From:   "Daniel Miller" <bonsaiviking () gmail com>
To:     "Jan Gocník" <gocnik () dcit cz>
Cc:     "Nmap-dev" <dev () nmap org>
Date:   02.04.2019 21:21
Subject:        Re: Feature: per-target port specification (with patch!)
Sent by:        "dev" <dev-bounces () nmap org>



Some initial notes from building and testing this:

./nmap scanme.nmap.org^22-80 -d
Starting Nmap 7.70SVN ( https://nmap.org ) at 2019-04-02 18:37 UTC
PORTS: Using top 1000 ports found open (TCP:1000, UDP:0, SCTP:0)
--------------- Timing report ---------------
  hostgroups: min 1, max 100000
  rtt-timeouts: init 1000, min 100, max 10000
  max-scan-delay: TCP 1000, UDP 1000, SCTP 1000
  parallelism: min 0, max 0
  max-retries: 10, host-timeout: 0
  min-rate: 0, max-rate: 0
---------------------------------------------
Initiating Ping Scan at 18:37
Scanning scanme.nmap.org (45.33.32.156) [max 2 ports]
Completed Ping Scan at 18:37, 0.09s elapsed (1 total hosts)
Overall sending rates: 24.44 packets / s.
mass_rdns: Using DNS server X.X.X.X
Initiating Parallel DNS resolution of 1 host. at 18:37
mass_rdns: 0.12s 0/1 [#: 3, OK: 0, NX: 0, DR: 0, SF: 0, TR: 1]
Completed Parallel DNS resolution of 1 host. at 18:37, 0.06s elapsed
DNS resolution of 1 IPs took 0.15s. Mode: Async [#: 3, OK: 1, NX: 0, DR: 
0, SF: 0, TR: 1, CN: 0]
Initiating Connect Scan at 18:37
Scanning scanme.nmap.org (45.33.32.156) [max 1059 ports]
Discovered open port 80/tcp
Discovered open port 22/tcp
Discovered open port 9929/tcp
Discovered open port 31337/tcp
nmap: portlist.cc:688: void PortList::mapPort(u16*, u8*) const: Assertion 
`mapped_portno < port_list_count[mapped_protocol]' failed.
Aborted (core dumped)


Valgrind identified some memory leaks. These were the ones that are 
definitely from this patch: Portlist::setIdStr(), idstr; 
PortList::mergeHostSpecificPorts(), new_port_map and new_port_map_rev;

There was also a discrepancy between the "Scanning X [max N ports]" and 
"Completed Connect Scan at X (0 ports max)", which valgrind says is due to 
an uninitialized value, probably GroupScanStats::totalprobes.

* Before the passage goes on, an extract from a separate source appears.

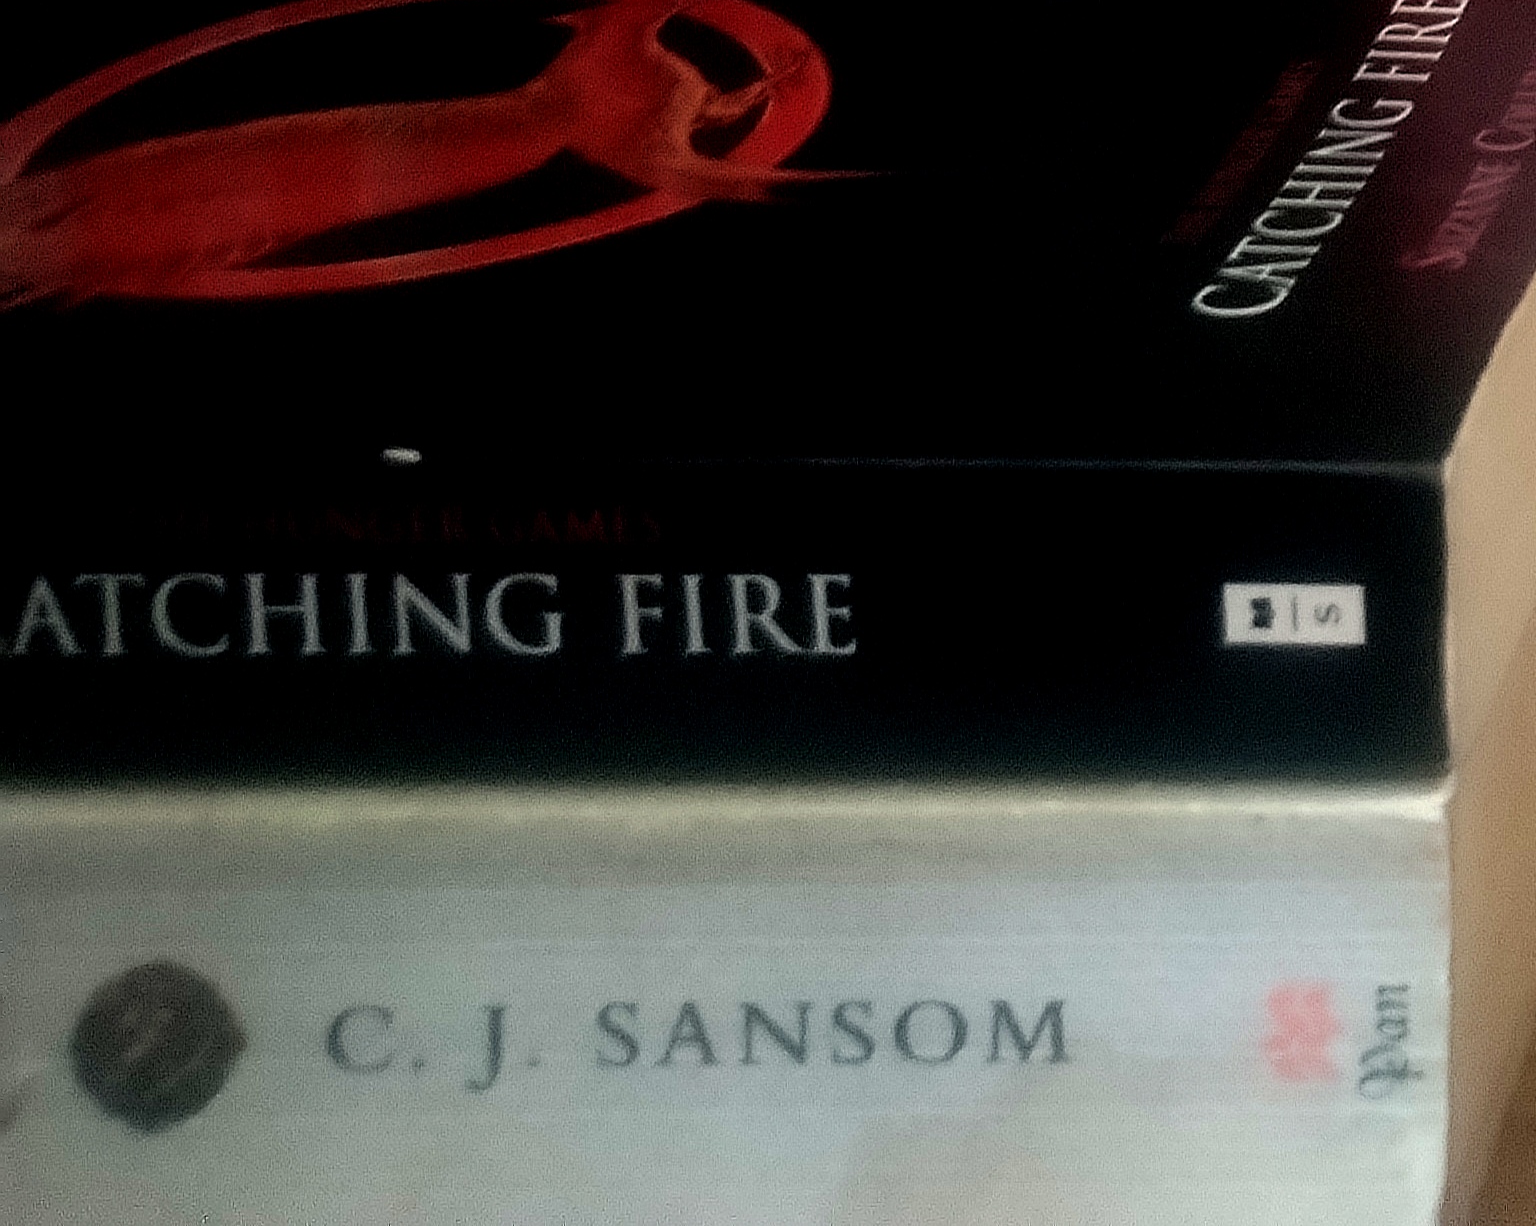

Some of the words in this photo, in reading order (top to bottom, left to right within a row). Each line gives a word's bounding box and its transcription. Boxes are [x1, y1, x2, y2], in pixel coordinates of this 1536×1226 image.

Of course, as you noted before, the results are not sorted by port number, 
which we would have to do to ensure predictable output that can be 
compared with previous scans.

IPv6 addresses, CIDR, and IPv4 octet ranges seem to work fine with this.

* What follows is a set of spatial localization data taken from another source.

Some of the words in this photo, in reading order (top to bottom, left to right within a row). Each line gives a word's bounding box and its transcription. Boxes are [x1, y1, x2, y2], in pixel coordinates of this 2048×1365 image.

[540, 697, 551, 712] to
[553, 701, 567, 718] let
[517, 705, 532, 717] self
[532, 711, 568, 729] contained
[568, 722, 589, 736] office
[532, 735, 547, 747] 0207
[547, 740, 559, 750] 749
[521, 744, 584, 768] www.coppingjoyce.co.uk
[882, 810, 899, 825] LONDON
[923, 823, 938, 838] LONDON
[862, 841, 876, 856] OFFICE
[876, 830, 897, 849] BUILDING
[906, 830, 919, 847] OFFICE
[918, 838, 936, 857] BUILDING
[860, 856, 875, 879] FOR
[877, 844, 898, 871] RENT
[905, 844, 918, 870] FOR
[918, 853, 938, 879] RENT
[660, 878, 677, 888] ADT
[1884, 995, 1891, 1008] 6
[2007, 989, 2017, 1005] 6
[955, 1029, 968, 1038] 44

With just my one test scan of localhost and scanme.nmap.org with one 
unique port each and one port in common, the patched code allocated an 
additional 383KB of heap memory. I do not know how this would scale up or 
down, and I haven't compared it with a scan that should behave the same in 
both cases (for instance, "nmap 192.168.1.0/24".

My primary concern remains that repeated use of this feature will result 
in missing new services and dropping existing ones if they are missed in 
just one scan. This is more about use case than about the code, though, so 
I will defer to users on that.

Dan

On Tue, Apr 2, 2019 at 1:30 PM Daniel Miller <bonsaiviking () gmail com> 
wrote:
Jan,

Thanks for this contribution. We've had many requests for this type of 
feature in the past, but have elected not to include it for a variety of 
reasons. There is an open discussion on our issue tracker that lays out 
some of the challenges in correctly implementing such a feature: 
http://issues.nmap.org/1217

It looks like your patch has tried to handle some of these situations, for 
example the "Ports scanned" output for Grepable output (and maybe XML, but 
it didn't look complete at first glance). If we are to do an actual code 
review and include this new feature, we would have to look for a complete 
solution that can handle the following situations:

* The "Not shown: X ports" output for Normal output.
* Properly formed XML output, with changes to the DTD and a 
"xmloutputversion" number increase.
* Combination of this feature with existing --top-ports/port-ratio and -p 
options
* Combination of this feature with CIDR subnetting and IPv4 octet ranges
* Use of this feature along with advanced features like -O --traceroute 
and -sV

Have you done any measurement of scans before and after adding this 
feature to determine the actual impact on scan times and bandwidth? Do you 
have a bandwidth target for your scans that Nmap is exceeding right now, 
and by how much? What does a typical nmap command line look like, and what 
performance options have you already tried?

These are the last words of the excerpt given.